Call me silly then or stupid if you like. The daughter of the original owner of this bike was asking $600. I gave her $700. Absolutely made her day. I was ecstatic because of obvious reasons. She even called me later with other parts she found. What goes around comes around.




Love...this...bike!!!!


----------



## Maskadeo

The owner could have spent 5 minutes on google or the CABE and found out what he had. He apparently didn’t do that, so who’s fault is that?

I’ve been putting a brown Ranger together and was checking eBay everyday for parts, but apparently missed that day, oh well. There have been a few jeweled tank bikes in the last three years that have come out of this area for $525 or less, so while they’re far and few in between they are still out there guys!!!


----------



## THE STIG

49autocycledeluxe said:


> I see no reason to pay a guy more for a bike, or anything for that matter, than what the owner has asked. that would just be silly.  people make money from their knowledge, there is nothing wrong with that. why do electricians make $45.00 an hour? knowledge.  same with wheeler dealers.
> 
> a good reason for not doing that is if I had something for sale for $500.00 and someone offered me $2,000.00 I would cancel the sale and go find out what it was really worth.

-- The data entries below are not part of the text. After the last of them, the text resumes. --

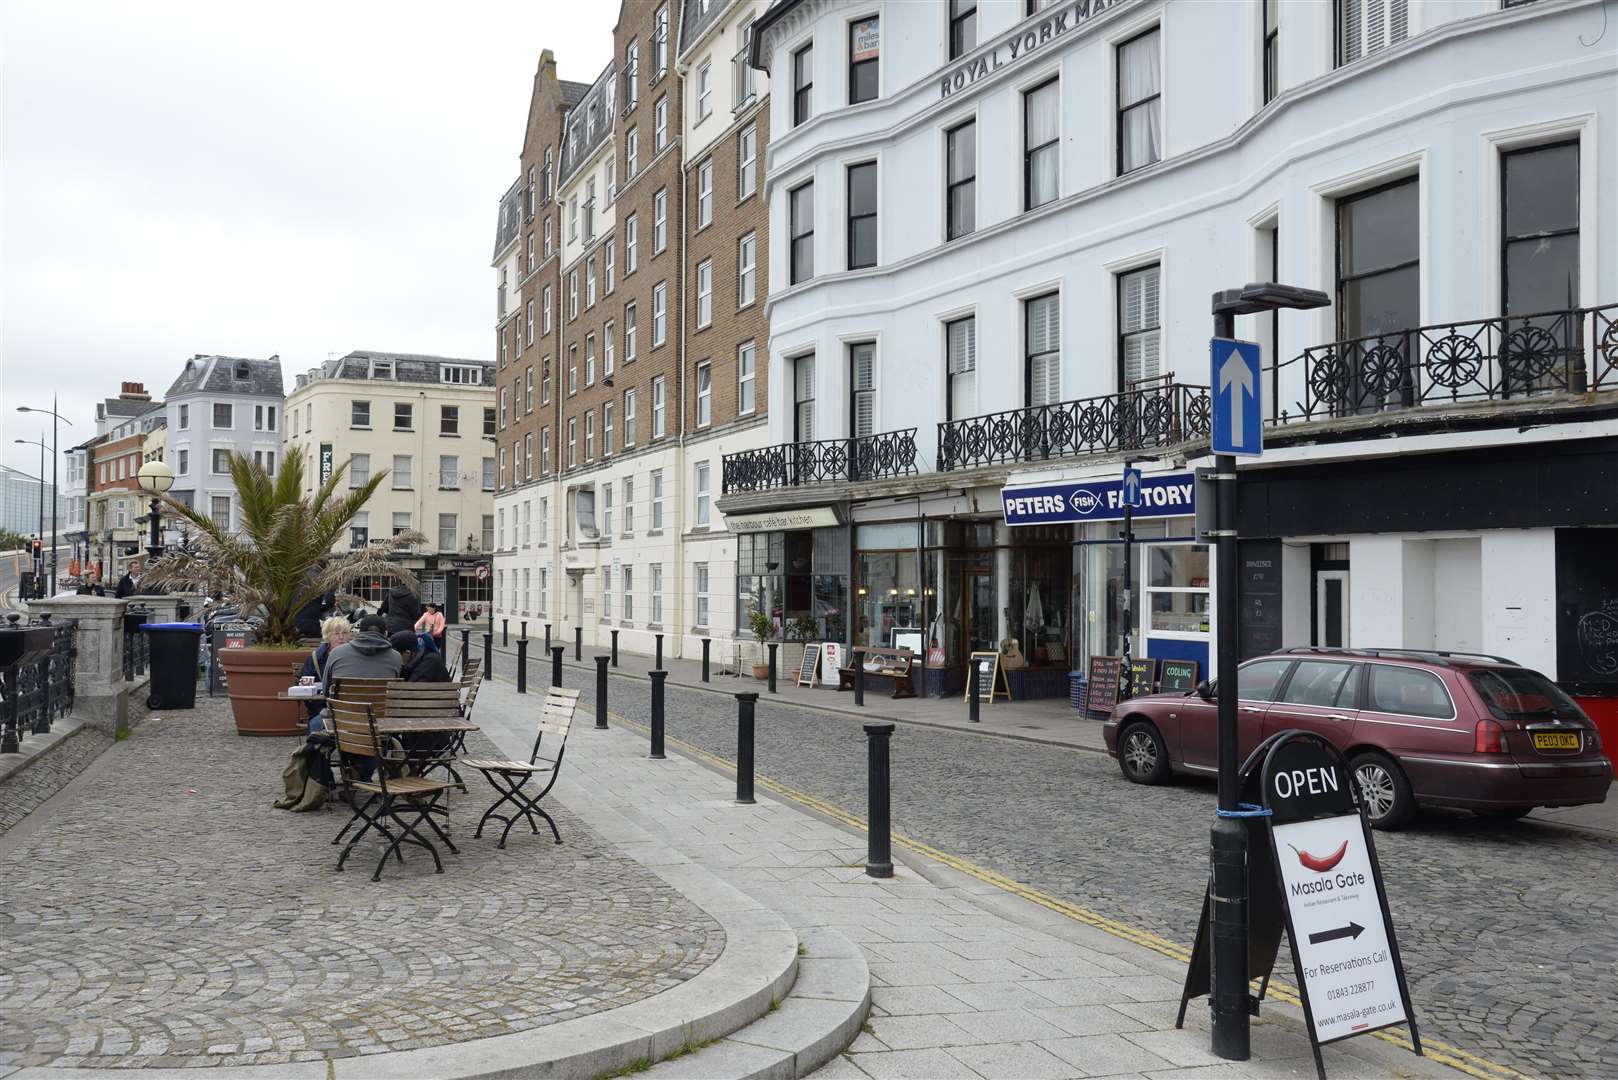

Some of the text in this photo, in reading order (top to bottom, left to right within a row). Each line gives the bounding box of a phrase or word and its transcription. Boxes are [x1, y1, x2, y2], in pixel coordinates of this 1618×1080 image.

[940, 52, 1003, 98] ROYAL
[1008, 12, 1068, 59] YORK
[1006, 494, 1066, 516] PETERS
[1074, 496, 1095, 508] FISH
[731, 521, 741, 530] the
[741, 520, 763, 530] harbour
[788, 514, 814, 525] kitchen
[1275, 766, 1338, 798] OPEN
[1291, 871, 1365, 897] Masala Gate
[1303, 949, 1388, 979] For Reservations Call
[1326, 980, 1375, 1001] 01843 228877
[1317, 999, 1397, 1028] www.masala-gate.co.uk

EggZaklee   if i see a bluebird for $50.00 im try’n for $20.00  Not my job to educate anyone


----------



## slick

Offering someone more than what the bike is offered for is out of appreciation, especially under the circumstance when a bike is underpriced. My full deluxe all original 1939 Pacemaker was not for sale, I made a healthy offer still under retail value and the owner was blown away. He had no idea a bike could be worth that much. So it's appreciated for #1, taking care of the bike for the last umpteen years keeping it unharmed, #2, willing to sell it to me. He could have kept it. So I appreciate the fact I got the offer, and paid a friend a finders fee as well for doing the deal. Bottom line, these bikes won't be around forever. It's up to us to save every one of them. The more profiteers that destroy these bikes for greed, the less original examples will exist for future generations. My two little ones love the old bikes. And that's what it's all about. Teaching them what great things Americans built. Until the next score of the century....... keep them ridden, not hidden.


----------



## THE STIG

slick said:


> Offering someone more than what the bike is offered for is out of appreciation, especially under the circumstance when a bike is underpriced.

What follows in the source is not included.